- [ASSIGNED TASK]: Below are records with pictures in them. Output exactly the lines from the one with "this 1333×1500 image." through the one with "this 1296×1728 image.", both included, and leave every picture out; give only those lines.

- [MATERIALS PROVIDED]:
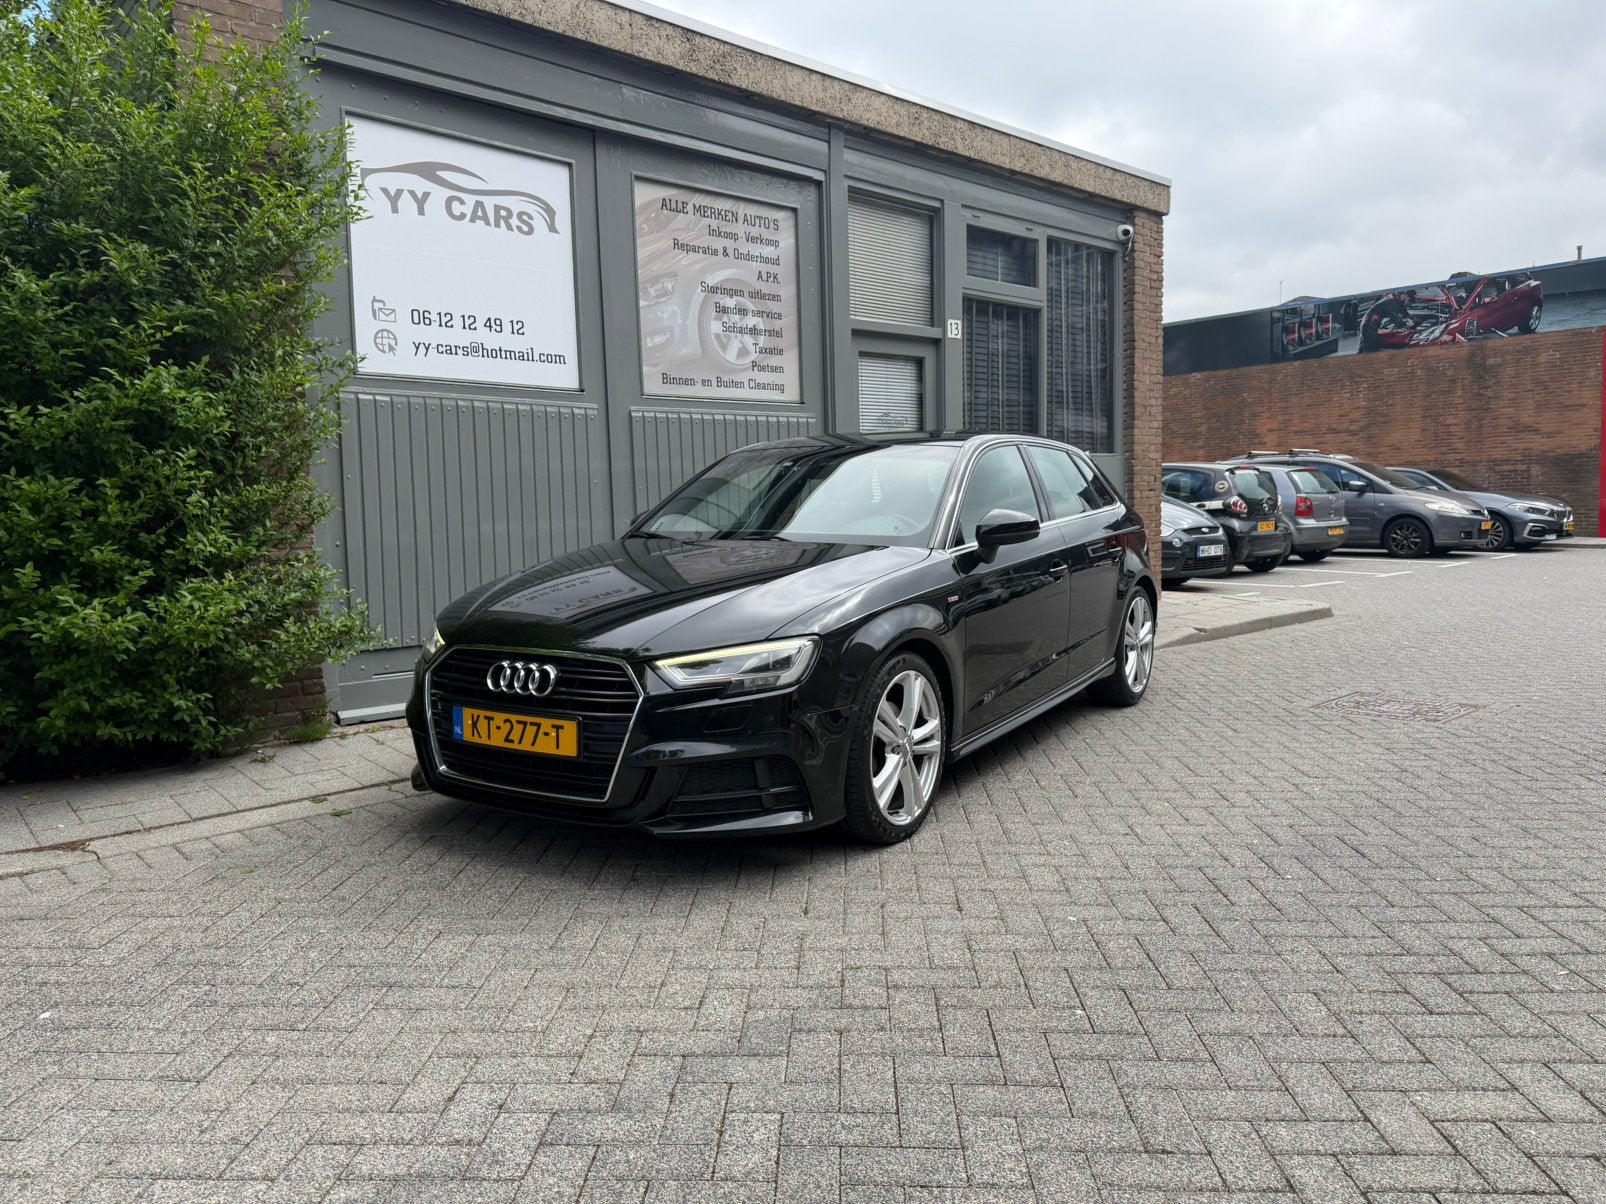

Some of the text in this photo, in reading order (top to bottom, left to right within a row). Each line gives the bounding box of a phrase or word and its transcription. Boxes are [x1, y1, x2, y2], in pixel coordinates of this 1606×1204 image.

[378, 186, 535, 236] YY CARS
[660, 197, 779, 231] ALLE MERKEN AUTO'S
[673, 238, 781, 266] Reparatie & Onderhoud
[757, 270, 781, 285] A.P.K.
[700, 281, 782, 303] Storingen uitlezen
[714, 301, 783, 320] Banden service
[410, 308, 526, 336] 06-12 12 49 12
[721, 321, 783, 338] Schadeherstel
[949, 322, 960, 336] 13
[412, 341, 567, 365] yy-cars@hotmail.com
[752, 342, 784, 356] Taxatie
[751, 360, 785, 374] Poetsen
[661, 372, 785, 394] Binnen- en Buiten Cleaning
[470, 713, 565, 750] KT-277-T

--

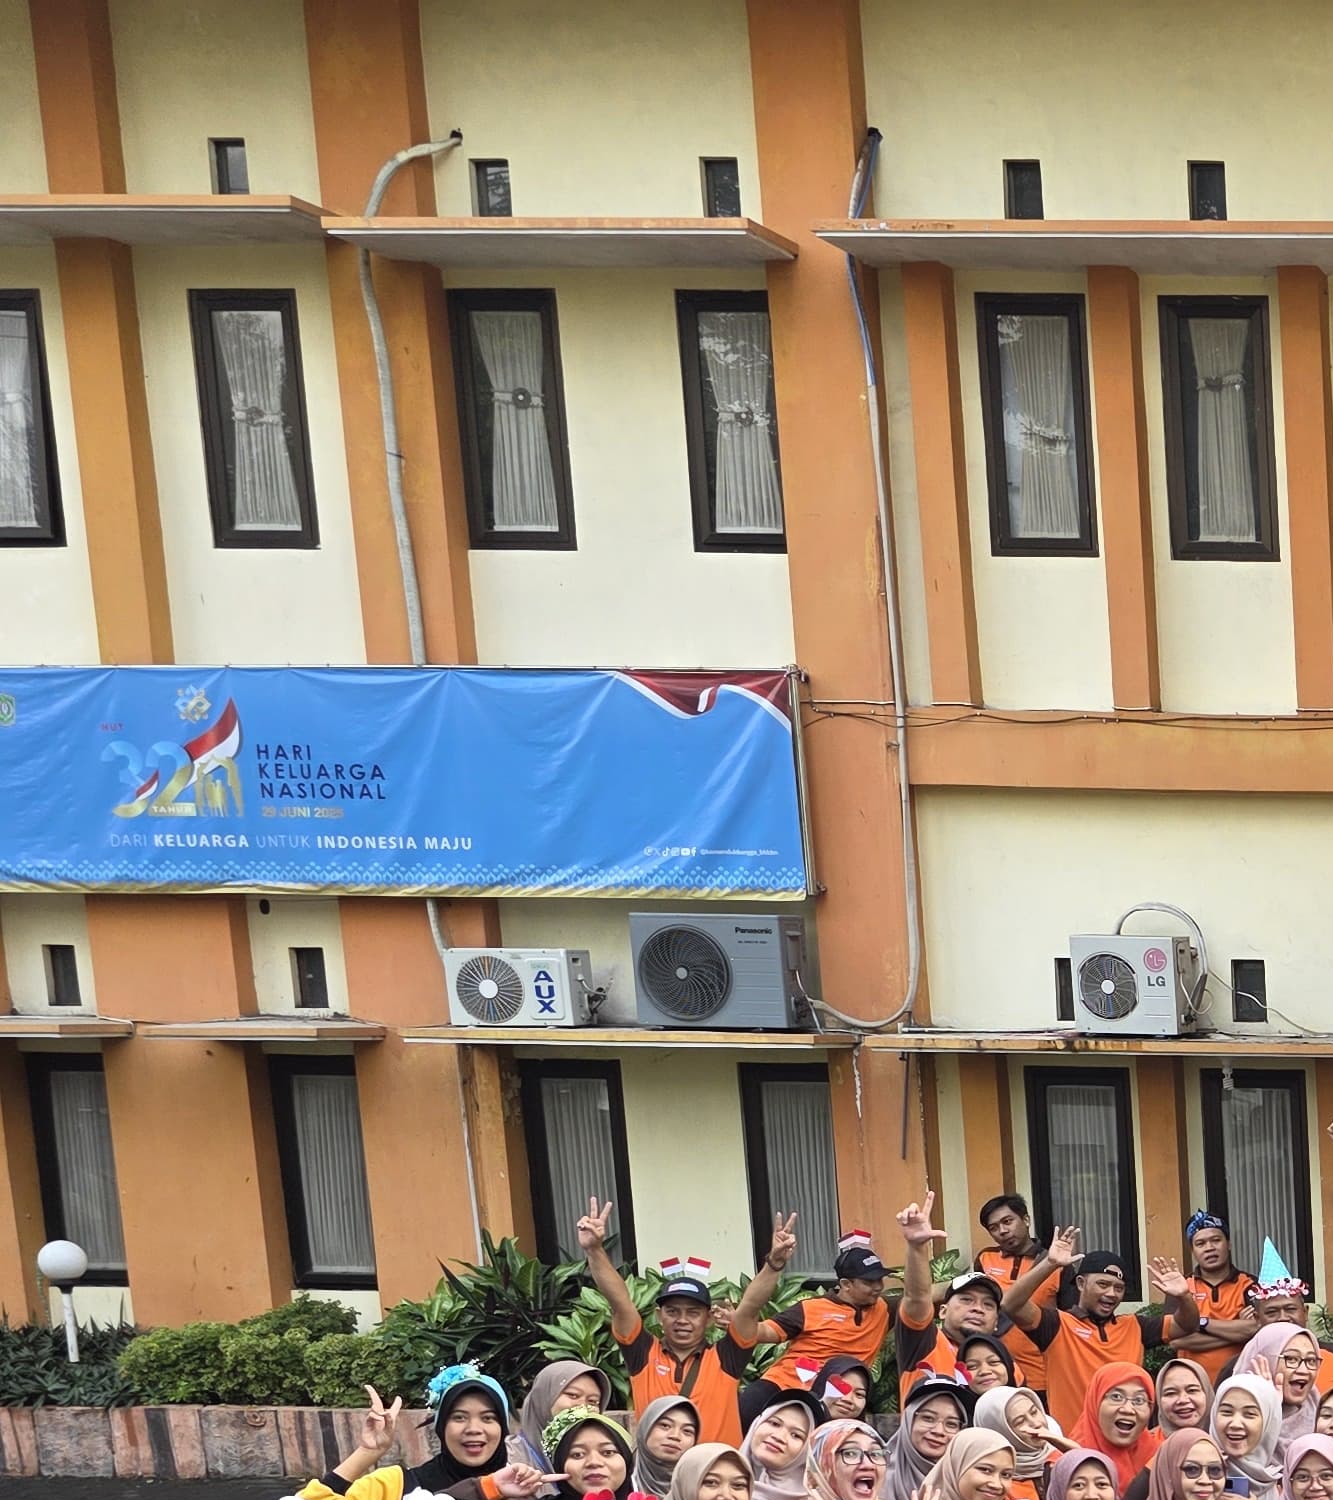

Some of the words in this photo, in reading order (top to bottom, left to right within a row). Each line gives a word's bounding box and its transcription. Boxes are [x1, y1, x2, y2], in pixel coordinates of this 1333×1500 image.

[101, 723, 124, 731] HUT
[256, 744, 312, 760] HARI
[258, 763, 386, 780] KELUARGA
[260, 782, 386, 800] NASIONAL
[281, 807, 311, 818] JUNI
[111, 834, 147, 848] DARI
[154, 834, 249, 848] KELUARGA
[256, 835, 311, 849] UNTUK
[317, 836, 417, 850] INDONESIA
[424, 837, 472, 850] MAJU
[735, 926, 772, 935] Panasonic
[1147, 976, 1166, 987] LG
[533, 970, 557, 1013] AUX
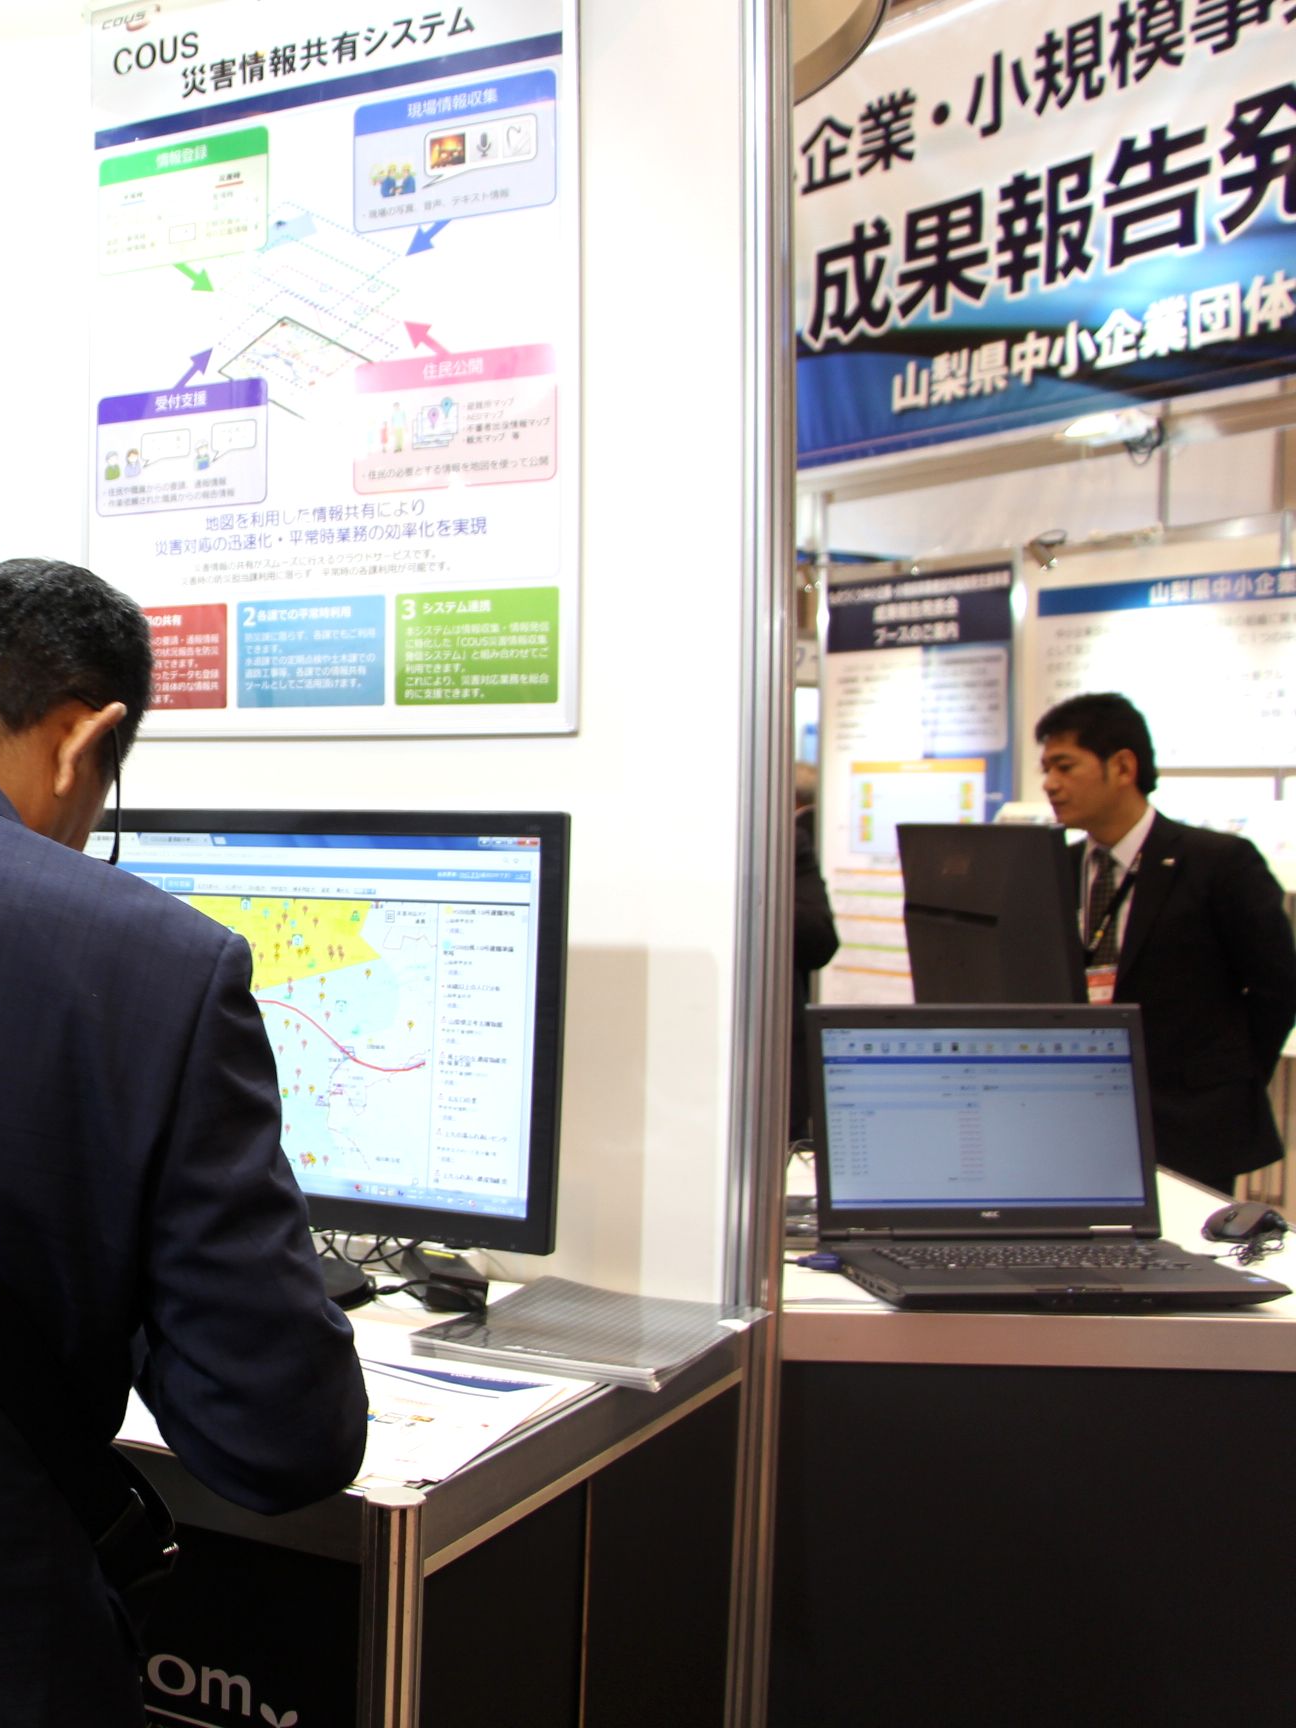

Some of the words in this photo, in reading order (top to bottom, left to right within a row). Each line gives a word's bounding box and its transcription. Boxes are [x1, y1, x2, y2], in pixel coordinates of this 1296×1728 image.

* * *

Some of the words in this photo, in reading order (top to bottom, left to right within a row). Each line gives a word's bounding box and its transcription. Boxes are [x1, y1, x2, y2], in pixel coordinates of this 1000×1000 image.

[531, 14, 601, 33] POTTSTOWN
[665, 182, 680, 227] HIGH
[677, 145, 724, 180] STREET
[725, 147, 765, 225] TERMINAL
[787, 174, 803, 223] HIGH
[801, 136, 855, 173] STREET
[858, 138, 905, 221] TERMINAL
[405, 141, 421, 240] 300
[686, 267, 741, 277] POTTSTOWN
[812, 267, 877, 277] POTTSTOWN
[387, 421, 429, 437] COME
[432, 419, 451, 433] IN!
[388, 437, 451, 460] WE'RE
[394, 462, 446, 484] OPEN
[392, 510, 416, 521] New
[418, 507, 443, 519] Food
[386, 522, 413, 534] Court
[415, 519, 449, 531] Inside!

- [PROBLEM SOLUTION]:
Some of the words in this photo, in reading order (top to bottom, left to right within a row). Each line gives a word's bounding box and its transcription. Boxes are [x1, y1, x2, y2], in pixel coordinates of this 1333×1500 image.

[101, 723, 124, 731] HUT
[256, 744, 312, 760] HARI
[258, 763, 386, 780] KELUARGA
[260, 782, 386, 800] NASIONAL
[281, 807, 311, 818] JUNI
[111, 834, 147, 848] DARI
[154, 834, 249, 848] KELUARGA
[256, 835, 311, 849] UNTUK
[317, 836, 417, 850] INDONESIA
[424, 837, 472, 850] MAJU
[735, 926, 772, 935] Panasonic
[1147, 976, 1166, 987] LG
[533, 970, 557, 1013] AUX

Some of the words in this photo, in reading order (top to bottom, left to right within a row). Each line gives a word's bounding box and its transcription. Boxes are [x1, y1, x2, y2], in pixel coordinates of this 1296×1728 image.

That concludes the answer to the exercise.